● **YOUR TASK**: Output the records exactly. Include every line.

● **DATA RECORDS**:

= = = = = = =

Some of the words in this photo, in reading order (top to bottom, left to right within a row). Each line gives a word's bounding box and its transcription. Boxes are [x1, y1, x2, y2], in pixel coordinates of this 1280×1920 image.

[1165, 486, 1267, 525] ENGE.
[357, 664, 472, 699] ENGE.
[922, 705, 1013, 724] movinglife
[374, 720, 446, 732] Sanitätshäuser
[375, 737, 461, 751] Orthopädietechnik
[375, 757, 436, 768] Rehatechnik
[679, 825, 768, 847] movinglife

= = = = = = =

● **RESPONSE FOR THIS EXERCISE**:
Some of the words in this photo, in reading order (top to bottom, left to right within a row). Each line gives a word's bounding box and its transcription. Boxes are [x1, y1, x2, y2], in pixel coordinates of this 1280×1920 image.

[1165, 486, 1267, 525] ENGE.
[357, 664, 472, 699] ENGE.
[922, 705, 1013, 724] movinglife
[374, 720, 446, 732] Sanitätshäuser
[375, 737, 461, 751] Orthopädietechnik
[375, 757, 436, 768] Rehatechnik
[679, 825, 768, 847] movinglife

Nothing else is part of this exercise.